-- Task details --
The response must contain all of the entries, each one repeated exactly.

--- START ---

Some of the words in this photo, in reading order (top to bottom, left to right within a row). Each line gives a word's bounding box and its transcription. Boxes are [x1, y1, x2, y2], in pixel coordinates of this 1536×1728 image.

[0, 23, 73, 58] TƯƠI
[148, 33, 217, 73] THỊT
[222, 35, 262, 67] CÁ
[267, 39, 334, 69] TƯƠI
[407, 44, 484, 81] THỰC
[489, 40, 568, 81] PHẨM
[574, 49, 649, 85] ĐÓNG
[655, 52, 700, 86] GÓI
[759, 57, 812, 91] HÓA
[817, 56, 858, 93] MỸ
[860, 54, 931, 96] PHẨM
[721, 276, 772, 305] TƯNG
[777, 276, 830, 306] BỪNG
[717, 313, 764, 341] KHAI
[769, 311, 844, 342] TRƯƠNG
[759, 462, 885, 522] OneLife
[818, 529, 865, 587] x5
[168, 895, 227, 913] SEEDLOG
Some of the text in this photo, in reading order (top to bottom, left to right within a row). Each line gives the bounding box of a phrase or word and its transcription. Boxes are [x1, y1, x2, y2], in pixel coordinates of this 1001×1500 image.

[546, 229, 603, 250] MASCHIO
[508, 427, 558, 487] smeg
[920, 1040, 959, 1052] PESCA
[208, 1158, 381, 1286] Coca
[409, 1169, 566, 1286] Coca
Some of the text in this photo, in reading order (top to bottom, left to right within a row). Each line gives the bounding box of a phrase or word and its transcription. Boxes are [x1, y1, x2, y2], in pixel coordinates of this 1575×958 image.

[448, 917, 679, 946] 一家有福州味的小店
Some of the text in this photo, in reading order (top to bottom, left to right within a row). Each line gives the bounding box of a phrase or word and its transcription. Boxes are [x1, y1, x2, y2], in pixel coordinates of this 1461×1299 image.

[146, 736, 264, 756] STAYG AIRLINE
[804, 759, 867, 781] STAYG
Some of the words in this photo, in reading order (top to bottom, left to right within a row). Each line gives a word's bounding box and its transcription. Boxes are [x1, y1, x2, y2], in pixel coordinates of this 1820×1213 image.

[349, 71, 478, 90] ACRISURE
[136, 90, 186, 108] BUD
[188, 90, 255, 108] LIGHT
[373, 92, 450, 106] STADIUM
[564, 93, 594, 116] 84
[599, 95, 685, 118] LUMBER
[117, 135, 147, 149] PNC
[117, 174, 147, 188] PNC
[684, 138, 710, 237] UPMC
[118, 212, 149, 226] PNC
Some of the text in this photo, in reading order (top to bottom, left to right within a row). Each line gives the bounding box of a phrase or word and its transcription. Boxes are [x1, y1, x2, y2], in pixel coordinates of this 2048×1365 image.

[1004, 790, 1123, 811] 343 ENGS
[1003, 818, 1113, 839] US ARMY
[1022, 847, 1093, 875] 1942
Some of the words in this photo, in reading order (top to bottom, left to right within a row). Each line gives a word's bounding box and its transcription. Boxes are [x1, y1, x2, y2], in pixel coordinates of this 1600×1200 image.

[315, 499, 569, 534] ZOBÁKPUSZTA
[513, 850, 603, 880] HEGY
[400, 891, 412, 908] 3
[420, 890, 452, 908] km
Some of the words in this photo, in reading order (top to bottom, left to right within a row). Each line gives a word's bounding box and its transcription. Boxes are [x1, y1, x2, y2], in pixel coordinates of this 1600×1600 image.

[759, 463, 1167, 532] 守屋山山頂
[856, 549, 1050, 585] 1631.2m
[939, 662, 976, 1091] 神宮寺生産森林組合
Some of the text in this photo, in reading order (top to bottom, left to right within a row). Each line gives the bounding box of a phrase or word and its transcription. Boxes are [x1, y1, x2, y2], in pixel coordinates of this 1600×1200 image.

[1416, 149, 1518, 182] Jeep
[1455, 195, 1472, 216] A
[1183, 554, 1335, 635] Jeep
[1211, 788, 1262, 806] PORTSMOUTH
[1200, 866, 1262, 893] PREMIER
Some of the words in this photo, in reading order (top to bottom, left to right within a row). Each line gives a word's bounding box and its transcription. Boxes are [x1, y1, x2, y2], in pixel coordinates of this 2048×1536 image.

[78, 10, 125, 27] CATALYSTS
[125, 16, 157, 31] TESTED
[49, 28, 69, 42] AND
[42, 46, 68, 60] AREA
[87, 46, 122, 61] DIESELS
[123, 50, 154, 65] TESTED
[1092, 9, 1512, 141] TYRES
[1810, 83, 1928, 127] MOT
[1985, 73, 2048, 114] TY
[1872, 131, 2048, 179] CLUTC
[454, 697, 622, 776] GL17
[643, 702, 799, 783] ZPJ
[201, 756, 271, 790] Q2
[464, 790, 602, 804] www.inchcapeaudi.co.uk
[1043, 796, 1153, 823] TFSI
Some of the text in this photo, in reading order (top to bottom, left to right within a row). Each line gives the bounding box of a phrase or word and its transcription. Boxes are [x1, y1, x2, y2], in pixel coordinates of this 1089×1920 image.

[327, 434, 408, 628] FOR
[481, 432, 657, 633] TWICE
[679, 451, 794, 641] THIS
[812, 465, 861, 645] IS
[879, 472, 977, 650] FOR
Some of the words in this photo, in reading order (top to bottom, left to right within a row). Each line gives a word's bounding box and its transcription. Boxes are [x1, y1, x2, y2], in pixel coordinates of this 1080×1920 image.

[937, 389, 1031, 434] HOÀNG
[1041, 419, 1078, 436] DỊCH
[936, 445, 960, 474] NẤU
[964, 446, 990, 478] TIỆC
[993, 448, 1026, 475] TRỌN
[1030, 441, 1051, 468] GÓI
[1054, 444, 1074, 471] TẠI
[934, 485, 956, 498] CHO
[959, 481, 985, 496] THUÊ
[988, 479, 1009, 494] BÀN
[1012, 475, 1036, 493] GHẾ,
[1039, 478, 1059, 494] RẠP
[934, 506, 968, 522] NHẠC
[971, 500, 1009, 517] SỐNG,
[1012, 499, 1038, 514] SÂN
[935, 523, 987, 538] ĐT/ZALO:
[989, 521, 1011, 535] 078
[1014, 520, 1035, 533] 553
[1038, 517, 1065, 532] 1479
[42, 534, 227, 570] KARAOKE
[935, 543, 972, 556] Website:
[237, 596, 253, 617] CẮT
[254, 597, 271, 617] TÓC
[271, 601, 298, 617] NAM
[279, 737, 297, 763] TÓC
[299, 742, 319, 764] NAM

--- END ---

-- Solution for this task --
Some of the words in this photo, in reading order (top to bottom, left to right within a row). Each line gives a word's bounding box and its transcription. Boxes are [x1, y1, x2, y2], in pixel coordinates of this 1536×1728 image.

[0, 23, 73, 58] TƯƠI
[148, 33, 217, 73] THỊT
[222, 35, 262, 67] CÁ
[267, 39, 334, 69] TƯƠI
[407, 44, 484, 81] THỰC
[489, 40, 568, 81] PHẨM
[574, 49, 649, 85] ĐÓNG
[655, 52, 700, 86] GÓI
[759, 57, 812, 91] HÓA
[817, 56, 858, 93] MỸ
[860, 54, 931, 96] PHẨM
[721, 276, 772, 305] TƯNG
[777, 276, 830, 306] BỪNG
[717, 313, 764, 341] KHAI
[769, 311, 844, 342] TRƯƠNG
[759, 462, 885, 522] OneLife
[818, 529, 865, 587] x5
[168, 895, 227, 913] SEEDLOG
Some of the text in this photo, in reading order (top to bottom, left to right within a row). Each line gives the bounding box of a phrase or word and its transcription. Boxes are [x1, y1, x2, y2], in pixel coordinates of this 1001×1500 image.

[546, 229, 603, 250] MASCHIO
[508, 427, 558, 487] smeg
[920, 1040, 959, 1052] PESCA
[208, 1158, 381, 1286] Coca
[409, 1169, 566, 1286] Coca
Some of the text in this photo, in reading order (top to bottom, left to right within a row). Each line gives the bounding box of a phrase or word and its transcription. Boxes are [x1, y1, x2, y2], in pixel coordinates of this 1575×958 image.

[448, 917, 679, 946] 一家有福州味的小店
Some of the text in this photo, in reading order (top to bottom, left to right within a row). Each line gives the bounding box of a phrase or word and its transcription. Boxes are [x1, y1, x2, y2], in pixel coordinates of this 1461×1299 image.

[146, 736, 264, 756] STAYG AIRLINE
[804, 759, 867, 781] STAYG
Some of the words in this photo, in reading order (top to bottom, left to right within a row). Each line gives a word's bounding box and its transcription. Boxes are [x1, y1, x2, y2], in pixel coordinates of this 1820×1213 image.

[349, 71, 478, 90] ACRISURE
[136, 90, 186, 108] BUD
[188, 90, 255, 108] LIGHT
[373, 92, 450, 106] STADIUM
[564, 93, 594, 116] 84
[599, 95, 685, 118] LUMBER
[117, 135, 147, 149] PNC
[117, 174, 147, 188] PNC
[684, 138, 710, 237] UPMC
[118, 212, 149, 226] PNC
Some of the text in this photo, in reading order (top to bottom, left to right within a row). Each line gives the bounding box of a phrase or word and its transcription. Boxes are [x1, y1, x2, y2], in pixel coordinates of this 2048×1365 image.

[1004, 790, 1123, 811] 343 ENGS
[1003, 818, 1113, 839] US ARMY
[1022, 847, 1093, 875] 1942
Some of the words in this photo, in reading order (top to bottom, left to right within a row). Each line gives a word's bounding box and its transcription. Boxes are [x1, y1, x2, y2], in pixel coordinates of this 1600×1200 image.

[315, 499, 569, 534] ZOBÁKPUSZTA
[513, 850, 603, 880] HEGY
[400, 891, 412, 908] 3
[420, 890, 452, 908] km
Some of the words in this photo, in reading order (top to bottom, left to right within a row). Each line gives a word's bounding box and its transcription. Boxes are [x1, y1, x2, y2], in pixel coordinates of this 1600×1600 image.

[759, 463, 1167, 532] 守屋山山頂
[856, 549, 1050, 585] 1631.2m
[939, 662, 976, 1091] 神宮寺生産森林組合
Some of the text in this photo, in reading order (top to bottom, left to right within a row). Each line gives the bounding box of a phrase or word and its transcription. Boxes are [x1, y1, x2, y2], in pixel coordinates of this 1600×1200 image.

[1416, 149, 1518, 182] Jeep
[1455, 195, 1472, 216] A
[1183, 554, 1335, 635] Jeep
[1211, 788, 1262, 806] PORTSMOUTH
[1200, 866, 1262, 893] PREMIER
Some of the words in this photo, in reading order (top to bottom, left to right within a row). Each line gives a word's bounding box and its transcription. Boxes are [x1, y1, x2, y2], in pixel coordinates of this 2048×1536 image.

[78, 10, 125, 27] CATALYSTS
[125, 16, 157, 31] TESTED
[49, 28, 69, 42] AND
[42, 46, 68, 60] AREA
[87, 46, 122, 61] DIESELS
[123, 50, 154, 65] TESTED
[1092, 9, 1512, 141] TYRES
[1810, 83, 1928, 127] MOT
[1985, 73, 2048, 114] TY
[1872, 131, 2048, 179] CLUTC
[454, 697, 622, 776] GL17
[643, 702, 799, 783] ZPJ
[201, 756, 271, 790] Q2
[464, 790, 602, 804] www.inchcapeaudi.co.uk
[1043, 796, 1153, 823] TFSI
Some of the text in this photo, in reading order (top to bottom, left to right within a row). Each line gives the bounding box of a phrase or word and its transcription. Boxes are [x1, y1, x2, y2], in pixel coordinates of this 1089×1920 image.

[327, 434, 408, 628] FOR
[481, 432, 657, 633] TWICE
[679, 451, 794, 641] THIS
[812, 465, 861, 645] IS
[879, 472, 977, 650] FOR
Some of the words in this photo, in reading order (top to bottom, left to right within a row). Each line gives a word's bounding box and its transcription. Boxes are [x1, y1, x2, y2], in pixel coordinates of this 1080×1920 image.

[937, 389, 1031, 434] HOÀNG
[1041, 419, 1078, 436] DỊCH
[936, 445, 960, 474] NẤU
[964, 446, 990, 478] TIỆC
[993, 448, 1026, 475] TRỌN
[1030, 441, 1051, 468] GÓI
[1054, 444, 1074, 471] TẠI
[934, 485, 956, 498] CHO
[959, 481, 985, 496] THUÊ
[988, 479, 1009, 494] BÀN
[1012, 475, 1036, 493] GHẾ,
[1039, 478, 1059, 494] RẠP
[934, 506, 968, 522] NHẠC
[971, 500, 1009, 517] SỐNG,
[1012, 499, 1038, 514] SÂN
[935, 523, 987, 538] ĐT/ZALO:
[989, 521, 1011, 535] 078
[1014, 520, 1035, 533] 553
[1038, 517, 1065, 532] 1479
[42, 534, 227, 570] KARAOKE
[935, 543, 972, 556] Website:
[237, 596, 253, 617] CẮT
[254, 597, 271, 617] TÓC
[271, 601, 298, 617] NAM
[279, 737, 297, 763] TÓC
[299, 742, 319, 764] NAM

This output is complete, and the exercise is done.